Lee Hightower

Profile
- Position: Safety

Personal information
- Born: July 28, 1993 (age 33) Inglewood, California, U.S.
- Listed height: 6 ft 2 in (1.88 m)
- Listed weight: 200 lb (91 kg)

Career information
- High school: Los Angeles (CA) Loyola
- College: Houston
- NFL draft: 2016: undrafted

Career history
- Indianapolis Colts (2016)*; Washington Redskins (2016)*; Indianapolis Colts (2017)*;
- * Offseason or practice squad member only
- Stats at Pro Football Reference

= Lee Hightower =

American football player (born 1993)

Lee Hightower (born July 28, 1993) is an American professional football safety who plays for X-League side Nojima Sagamihara Rise.

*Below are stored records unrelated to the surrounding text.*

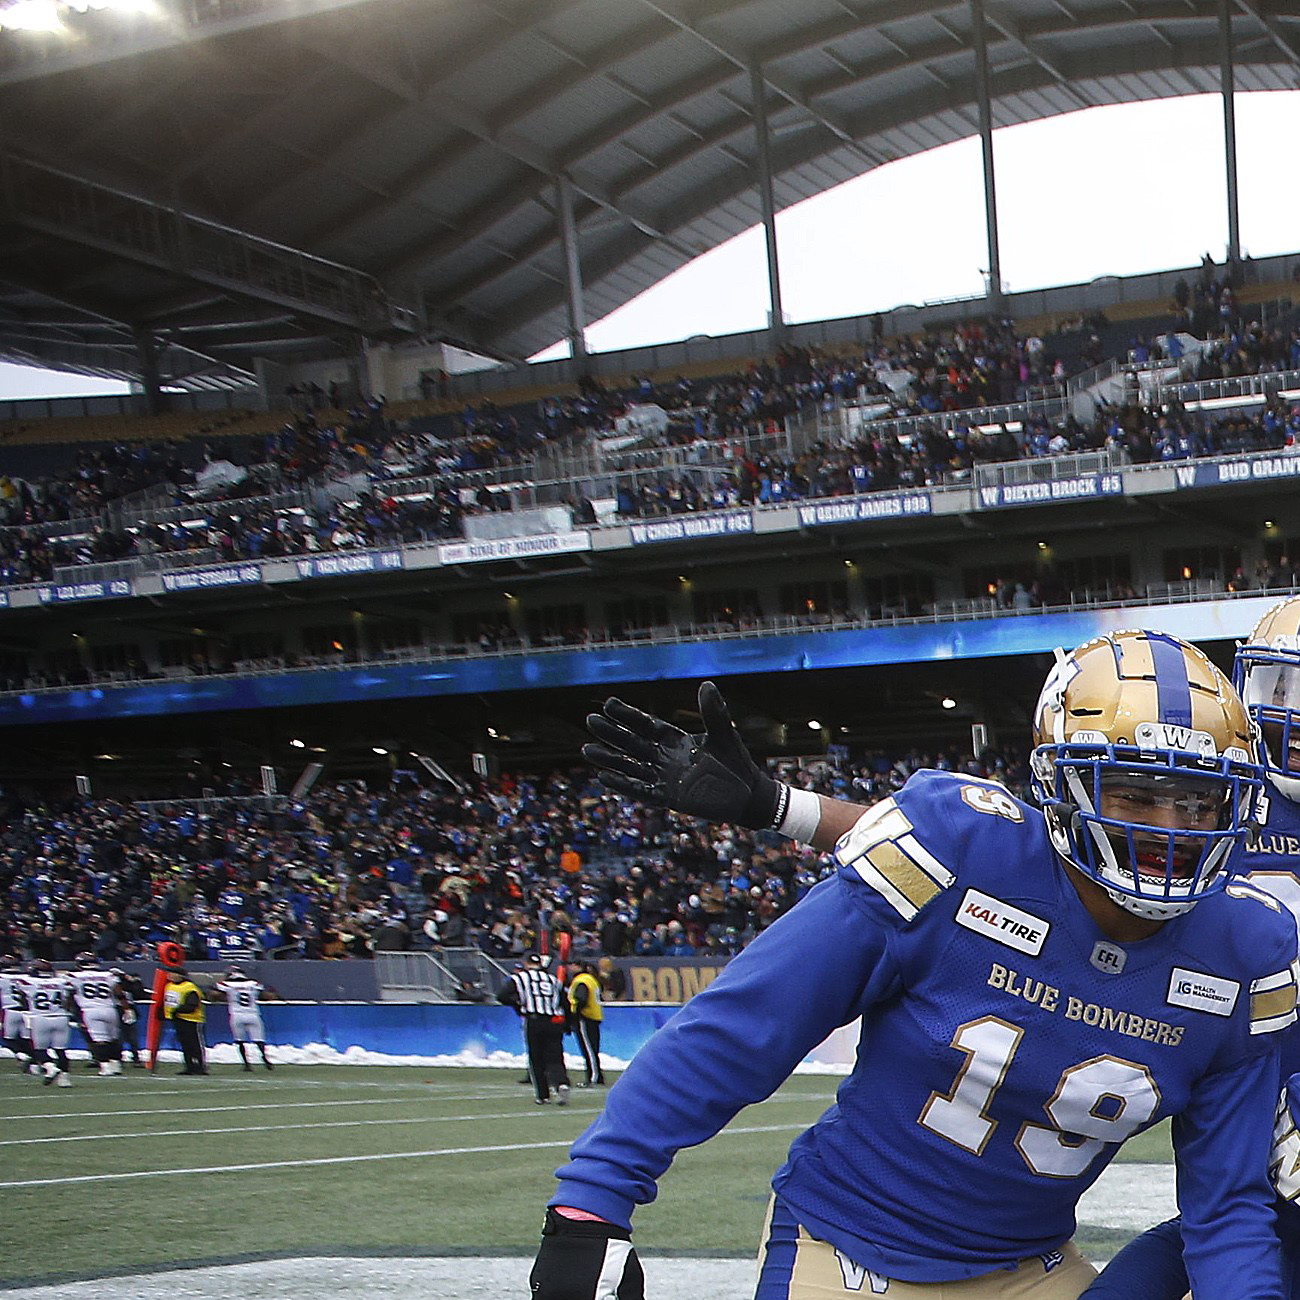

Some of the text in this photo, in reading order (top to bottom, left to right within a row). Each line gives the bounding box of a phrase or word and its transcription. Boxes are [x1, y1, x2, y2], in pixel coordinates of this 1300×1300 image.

[1218, 461, 1250, 481] BUD
[1003, 481, 1050, 502] DIETER
[1051, 478, 1097, 498] BROCK
[1101, 475, 1121, 494] #5
[858, 499, 901, 518] JAMES
[1162, 726, 1192, 748] W
[1097, 949, 1120, 969] CFL
[629, 966, 724, 1002] BOM
[1178, 981, 1193, 995] IG
[987, 963, 1186, 1048] BLUE BOMBERS
[917, 1014, 1161, 1180] 19

He played college football at Houston and signed with the Indianapolis Colts as an undrafted free agent after the 2016 NFL draft.

==College career==
Hightower played football at the University of Houston after transferring from Boise State in 2013.

==Professional career==

===Indianapolis Colts (first stint)===
Hightower signed with the Indianapolis Colts as an undrafted free agent on August 2, 2016. He was released by the Colts on September 3, 2016, and was signed to the practice squad on September 9. He spent time on and off the Colts' practice squad before being waived on October 18, 2016.

===Washington Redskins===
On November 8, 2016, Hightower was signed to the Washington Redskins' practice squad. He was released by the Redskins on December 13, 2016.

===Indianapolis Colts (second stint)===
On January 12, 2017, Hightower signed a reserve/future contract with the Colts. He was waived on September 2, 2017.